TASK DIRECTIONS
Transcribe the following entries letter for letter, without the pictures.

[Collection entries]

---

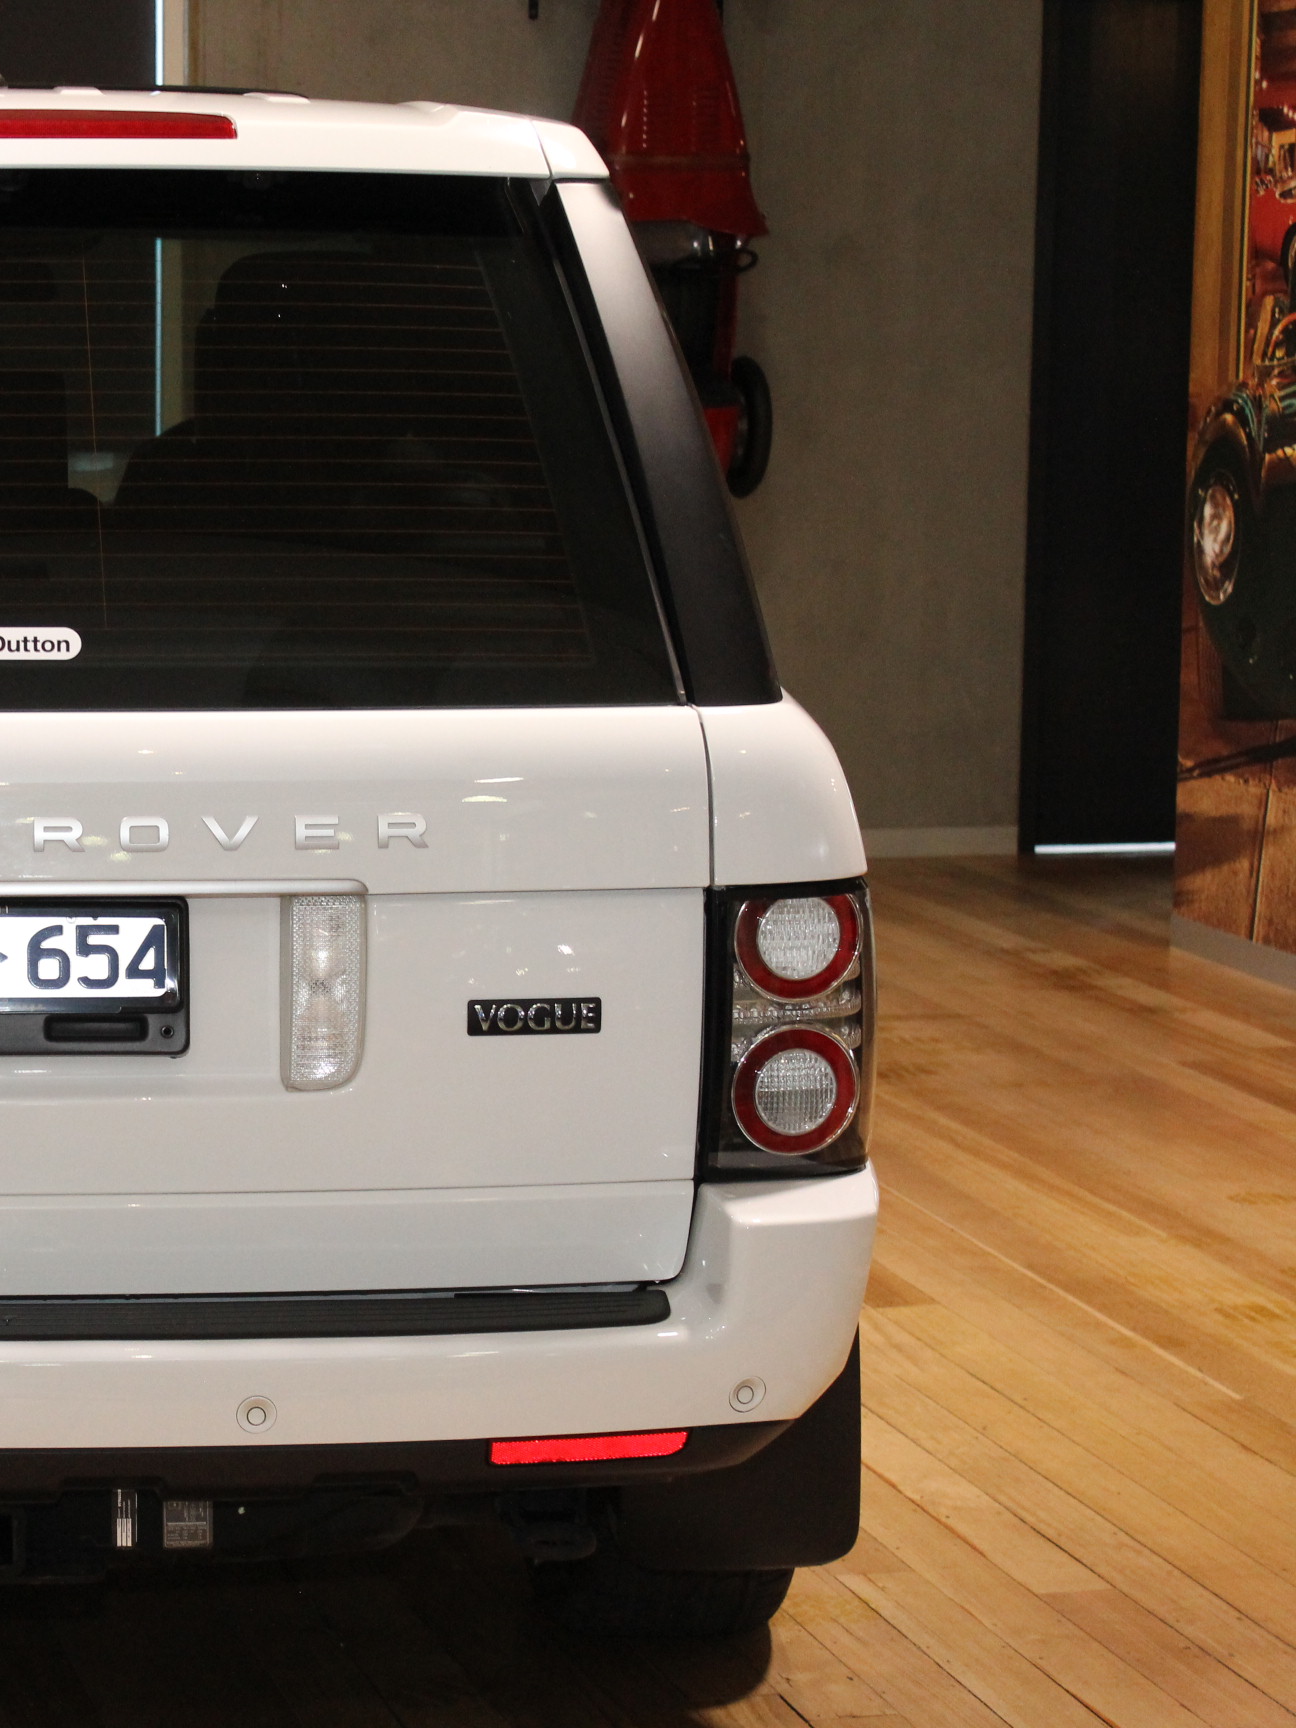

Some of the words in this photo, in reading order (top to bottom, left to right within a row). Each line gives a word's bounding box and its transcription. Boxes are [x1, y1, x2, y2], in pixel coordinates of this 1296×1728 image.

[33, 815, 430, 853] ROVER
[26, 923, 167, 990] 654
[473, 1002, 596, 1032] VOGUE
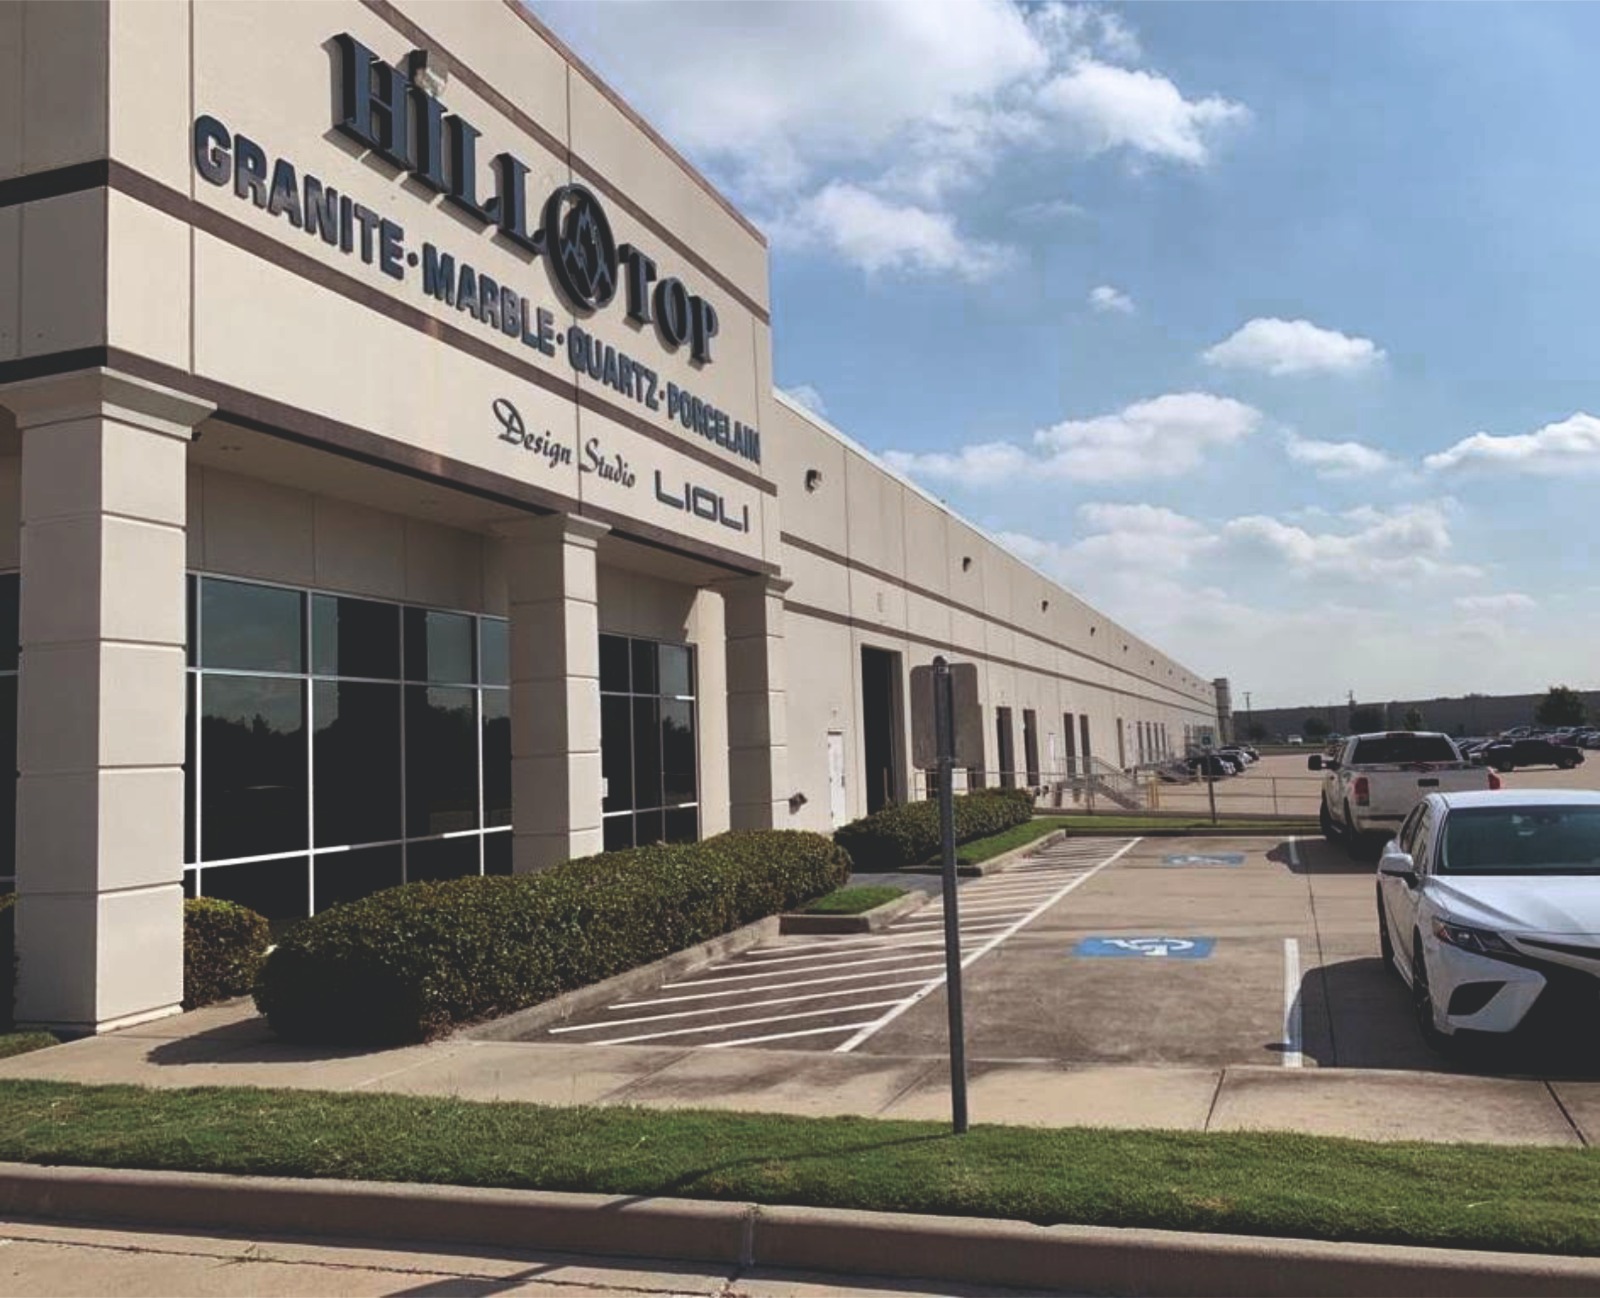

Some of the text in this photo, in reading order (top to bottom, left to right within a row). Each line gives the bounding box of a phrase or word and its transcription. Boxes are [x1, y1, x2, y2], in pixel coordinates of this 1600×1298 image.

[194, 115, 761, 464] GRANITE MARBLE QUARTZ PORCELAIN
[617, 243, 719, 364] TOP
[492, 398, 636, 488] Design Studio
[654, 469, 749, 533] LIOLI
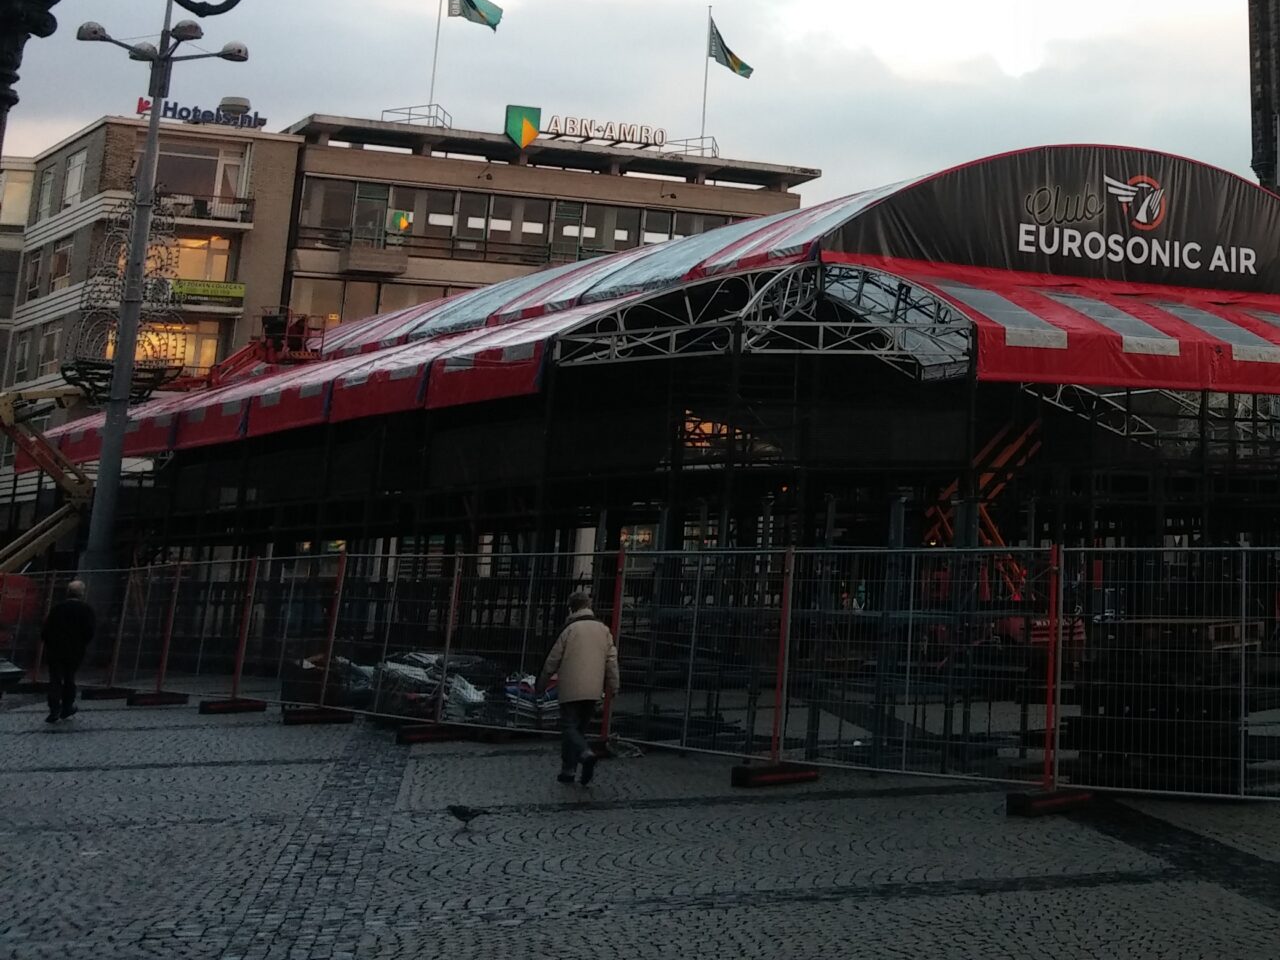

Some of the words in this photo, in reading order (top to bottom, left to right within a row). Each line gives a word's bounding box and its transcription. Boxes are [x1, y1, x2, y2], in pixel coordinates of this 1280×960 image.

[1024, 183, 1105, 227] Club
[1017, 222, 1202, 270] EUROSONIC
[1208, 245, 1258, 276] AIR
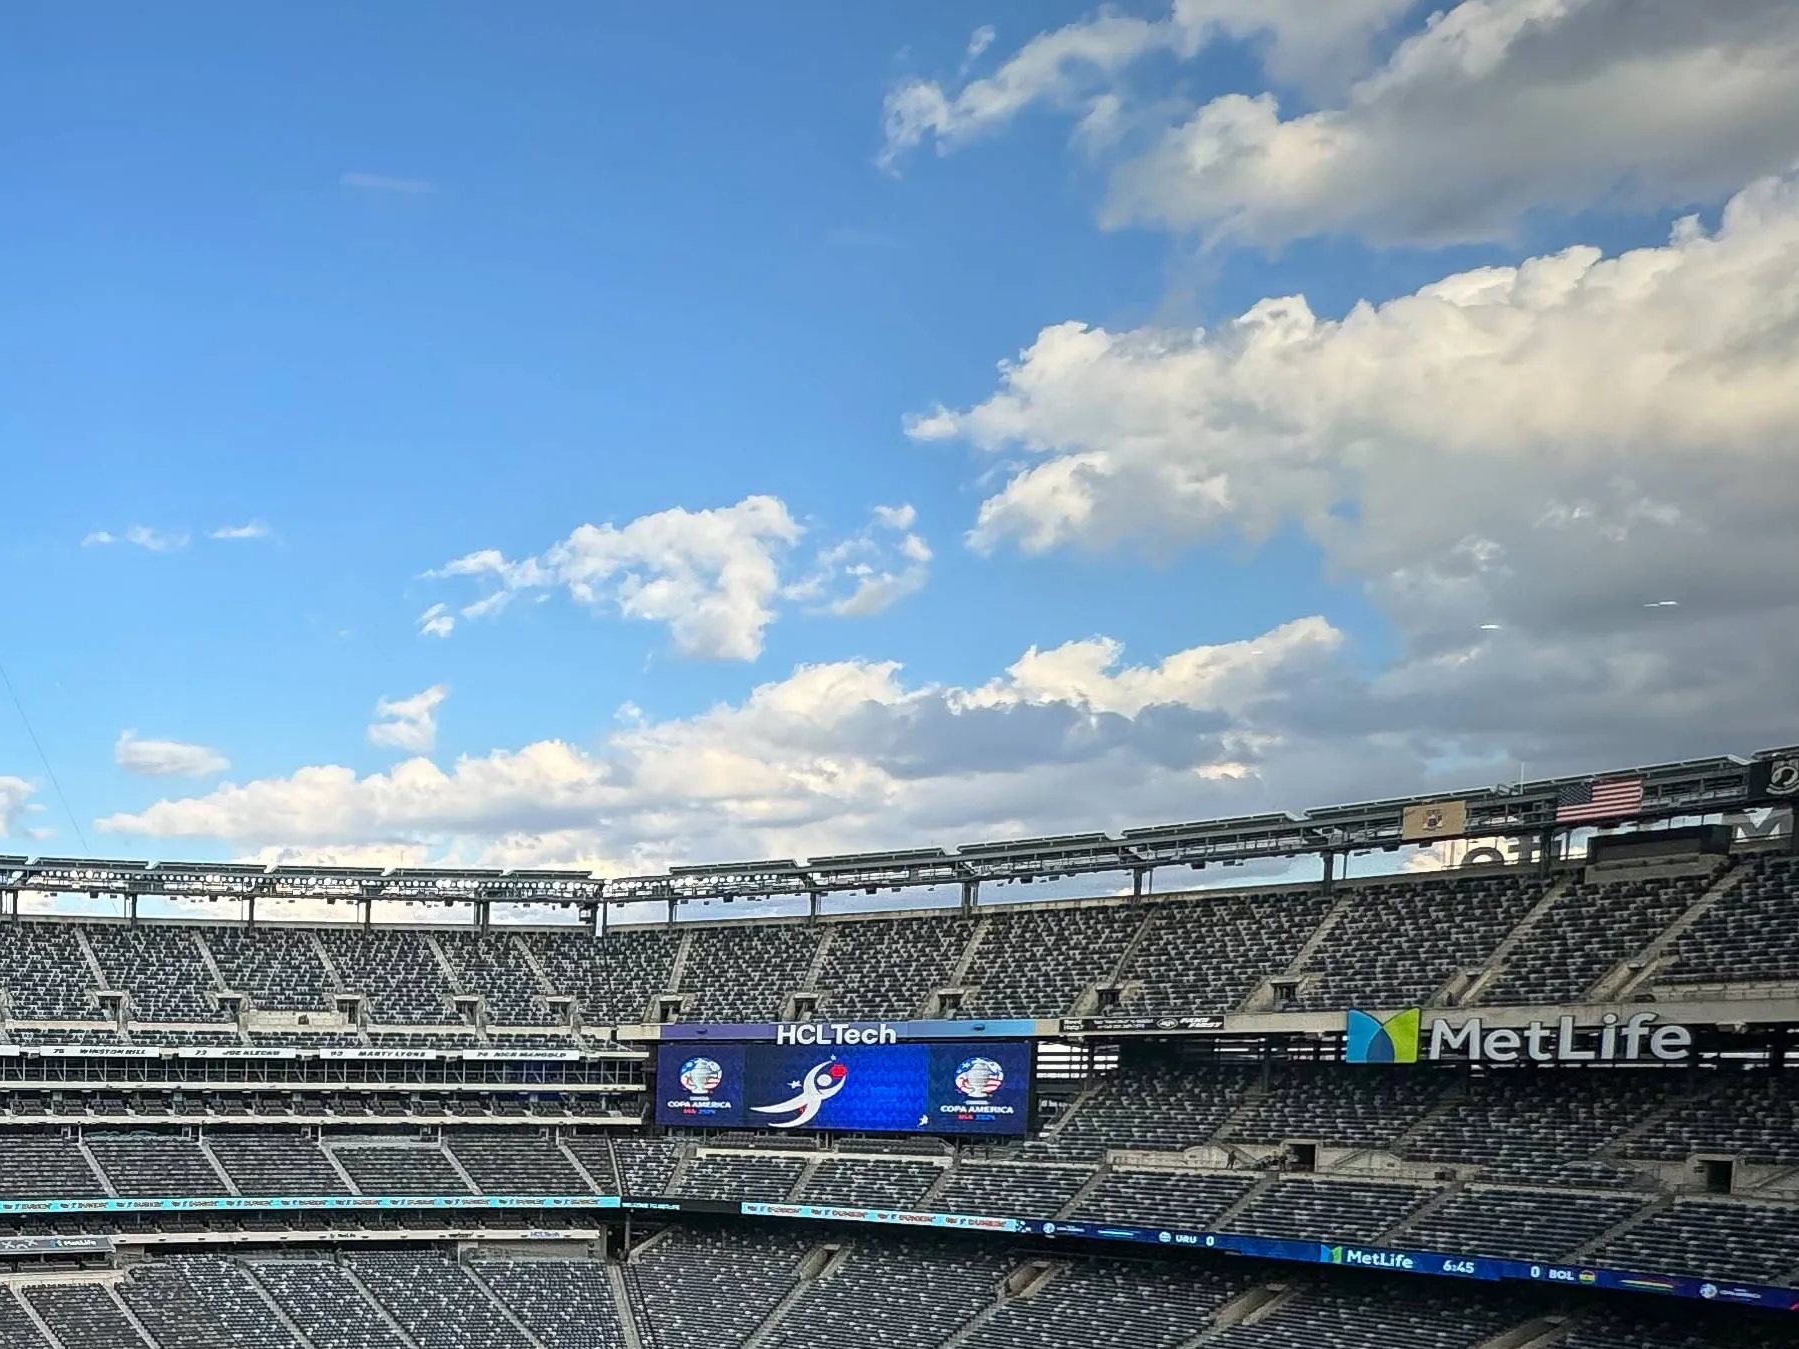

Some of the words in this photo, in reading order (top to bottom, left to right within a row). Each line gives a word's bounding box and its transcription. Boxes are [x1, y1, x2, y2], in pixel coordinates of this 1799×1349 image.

[776, 1023, 897, 1045] HCLTech
[1429, 1011, 1692, 1062] MetLife
[667, 1100, 691, 1108] COPA
[692, 1101, 732, 1109] AMERICA
[940, 1105, 968, 1113] COPA
[968, 1105, 1014, 1114] AMERICA
[1175, 1235, 1197, 1244] URU
[1206, 1235, 1215, 1247] 0
[1347, 1250, 1414, 1269] MetLife
[1442, 1259, 1475, 1274] 6:45
[1530, 1265, 1541, 1278] 0
[1549, 1268, 1575, 1281] BOL

---

RESULT BELOW
Some of the words in this photo, in reading order (top to bottom, left to right within a row). Each line gives a word's bounding box and its transcription. Boxes are [x1, y1, x2, y2], in pixel coordinates of this 1296×1728 image.

[33, 815, 430, 853] ROVER
[26, 923, 167, 990] 654
[473, 1002, 596, 1032] VOGUE

Some of the text in this photo, in reading order (top to bottom, left to right within a row). Each line gives the bounding box of a phrase or word and its transcription. Boxes are [x1, y1, x2, y2], in pixel coordinates of this 1600×1298 image.

[194, 115, 761, 464] GRANITE MARBLE QUARTZ PORCELAIN
[617, 243, 719, 364] TOP
[492, 398, 636, 488] Design Studio
[654, 469, 749, 533] LIOLI

Some of the words in this photo, in reading order (top to bottom, left to right within a row). Each line gives a word's bounding box and its transcription. Boxes are [x1, y1, x2, y2], in pixel coordinates of this 1280×960 image.

[1024, 183, 1105, 227] Club
[1017, 222, 1202, 270] EUROSONIC
[1208, 245, 1258, 276] AIR

Some of the words in this photo, in reading order (top to bottom, left to right within a row). Each line gives a word's bounding box and its transcription. Boxes are [x1, y1, x2, y2], in pixel coordinates of this 1799×1349 image.

[776, 1023, 897, 1045] HCLTech
[1429, 1011, 1692, 1062] MetLife
[667, 1100, 691, 1108] COPA
[692, 1101, 732, 1109] AMERICA
[940, 1105, 968, 1113] COPA
[968, 1105, 1014, 1114] AMERICA
[1175, 1235, 1197, 1244] URU
[1206, 1235, 1215, 1247] 0
[1347, 1250, 1414, 1269] MetLife
[1442, 1259, 1475, 1274] 6:45
[1530, 1265, 1541, 1278] 0
[1549, 1268, 1575, 1281] BOL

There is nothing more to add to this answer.